CPC Chair Submits Interim Taser Report to Public Safety Minister Day 

Ottawa, December 12, 2007 - Paul E. Kennedy, Chair of the Commission for Public Complaints Against the RCMP (CPC), today submitted his Interim Report concerning the RCMP's use of the Conducted Energy Weapon (CEW), commonly known as the Taser, to the Minister of Public Safety Stockwell Day, following a request made by the Minister on November 20, 2007.

The interim report includes 10 recommendations for immediate implementation that address concerns identified throughout the document.

"The most powerful asset in a police officer's arsenal is public support. Anything that erodes that support reduces the ability of officers to successfully perform their duties on behalf of the public," said Mr. Kennedy. "Because of this dynamic relationship, effective policing policies are critical to ensuring public confidence in the accountability of both individual members and the RCMP as a whole."

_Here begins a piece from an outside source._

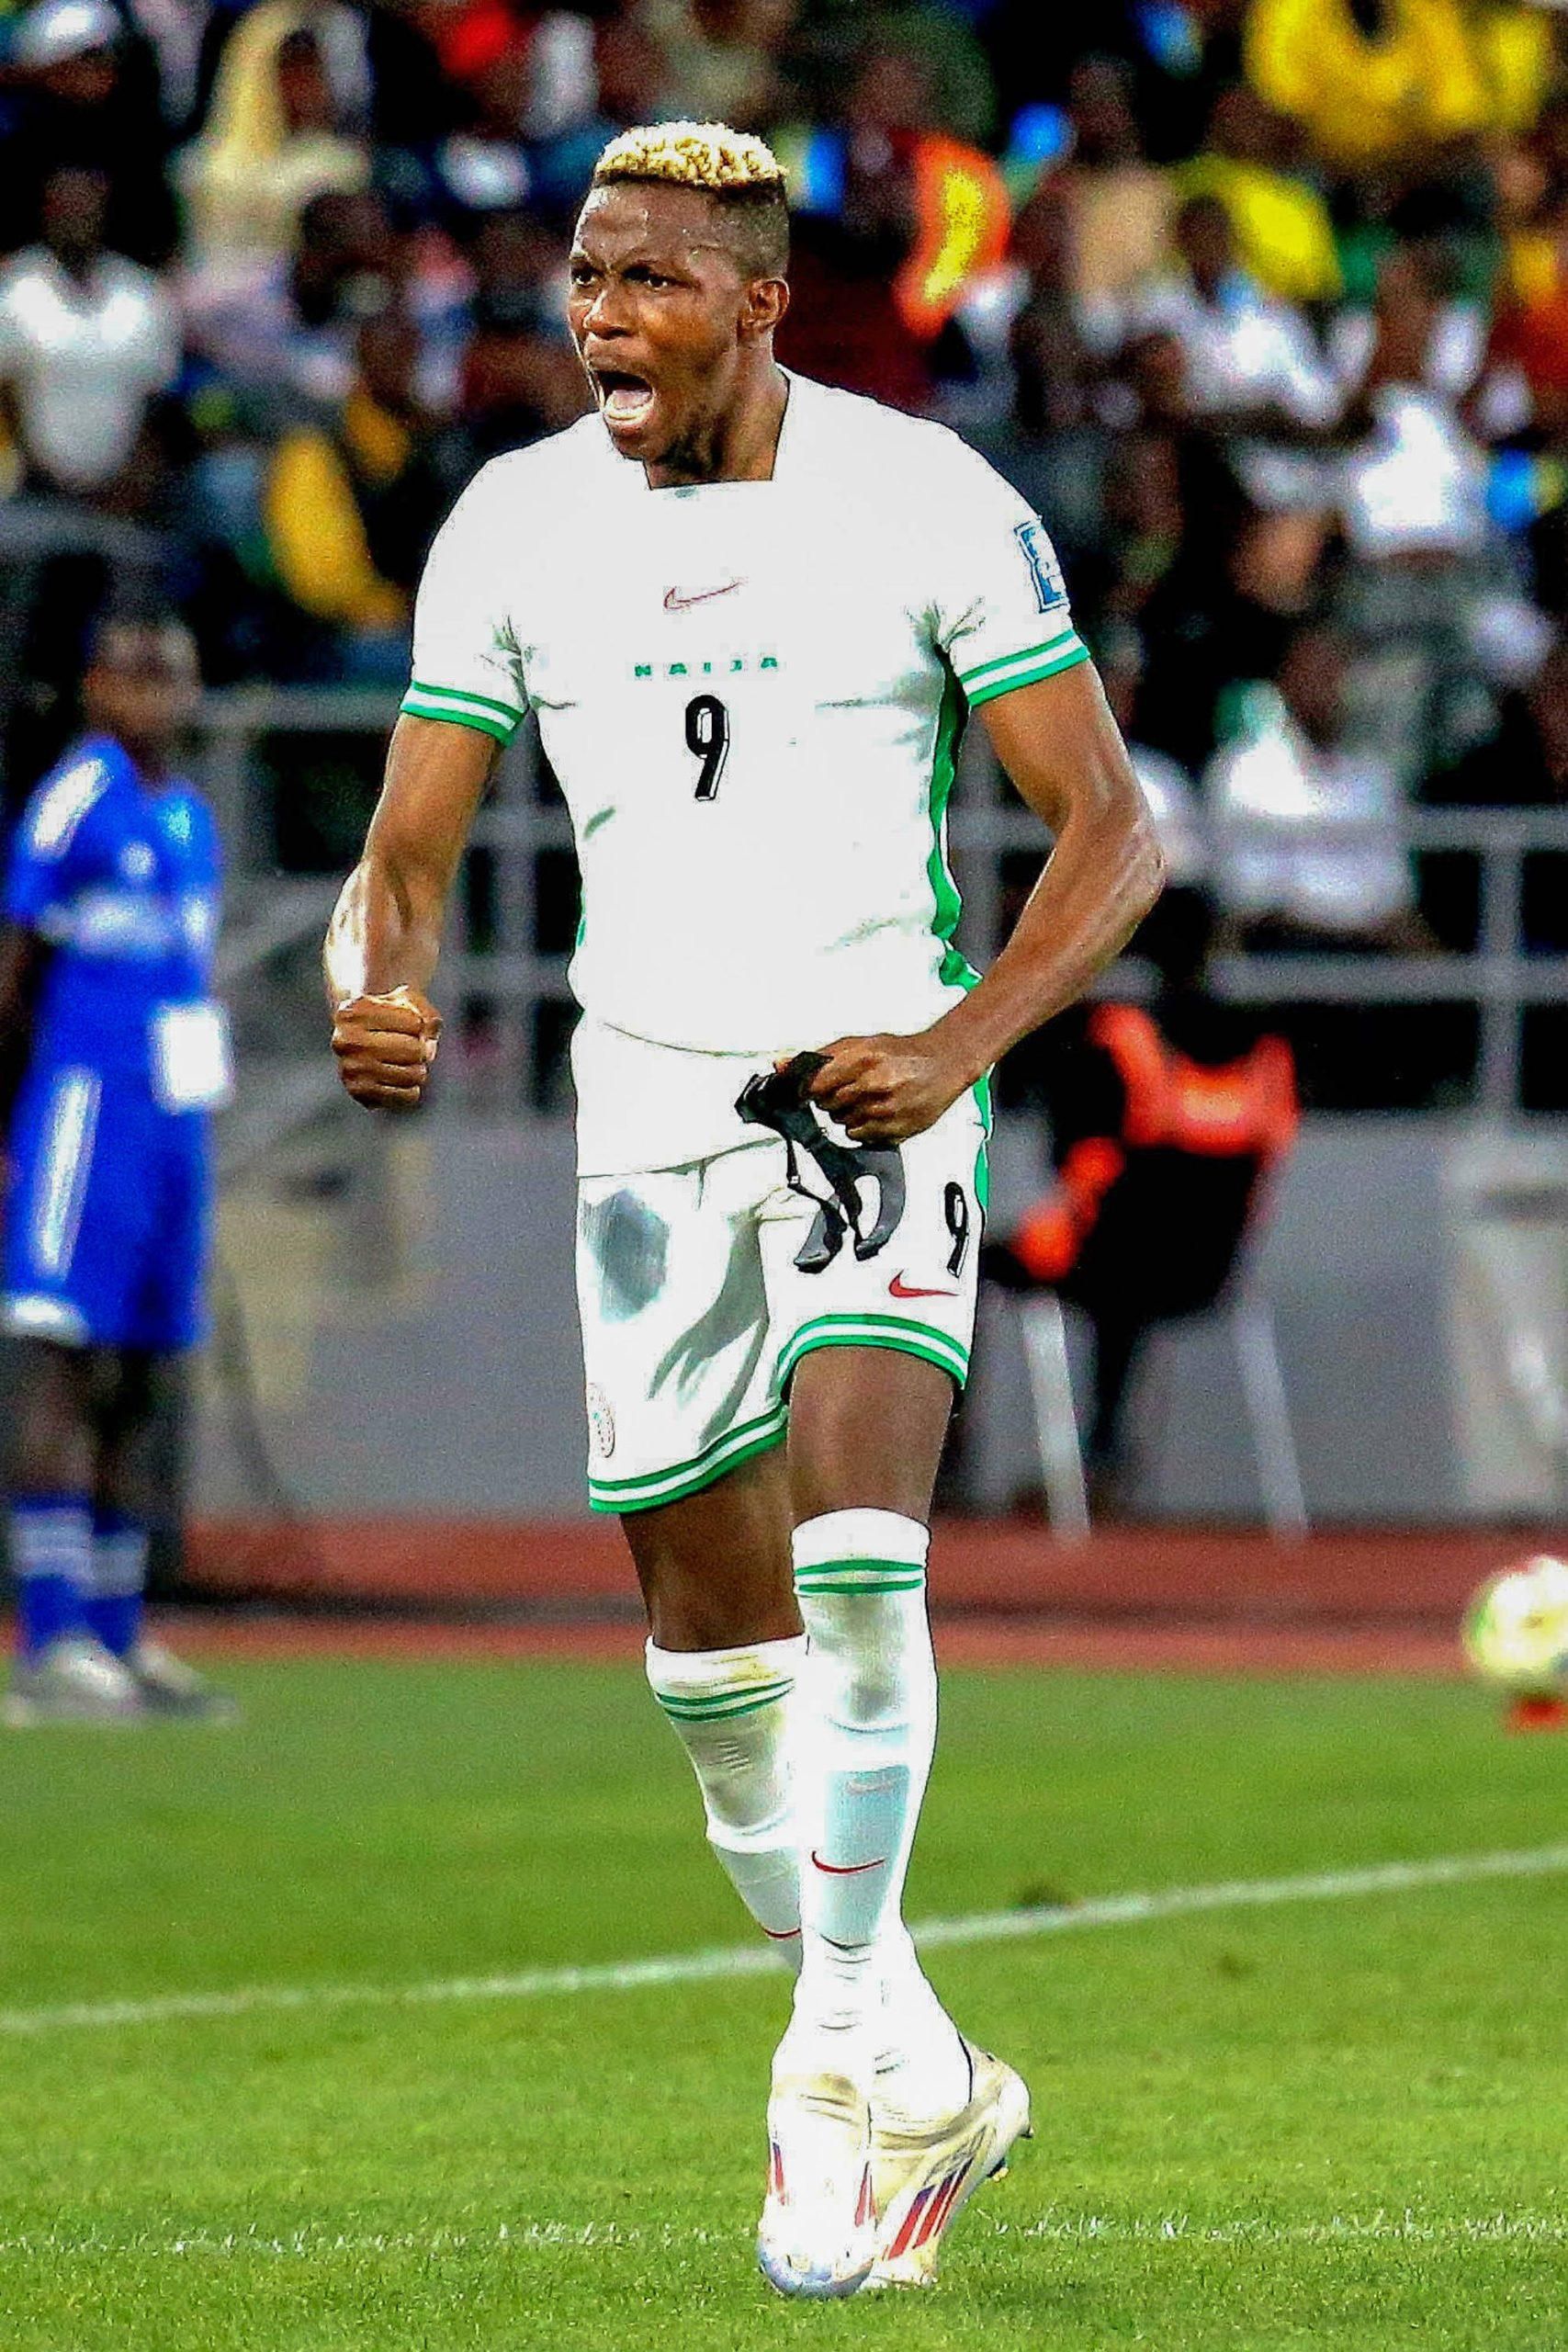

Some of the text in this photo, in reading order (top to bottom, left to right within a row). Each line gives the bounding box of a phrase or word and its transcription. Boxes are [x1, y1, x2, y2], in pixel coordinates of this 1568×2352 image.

[634, 657, 778, 677] NAIJA
[685, 694, 730, 802] 9
[944, 1181, 970, 1279] 9

Mr. Kennedy's review is complementary to his Chair-Initiated Complaint into RCMP actions surrounding the in-custody death of Robert Dziekanski at the Vancouver International Airport on October 14, 2007. The report also builds on the work already undertaken by the Commission on the use of CEWs, as referred in its June 2007 annual report.

The report's executive summary and recommendations can be found in the attached backgrounder. Given the short timeframe to complete the document, the full Interim Report is immediately available upon request in English only and will be available in the near future in both English and French on the CPC website at www.cpc-cpp.gc.ca.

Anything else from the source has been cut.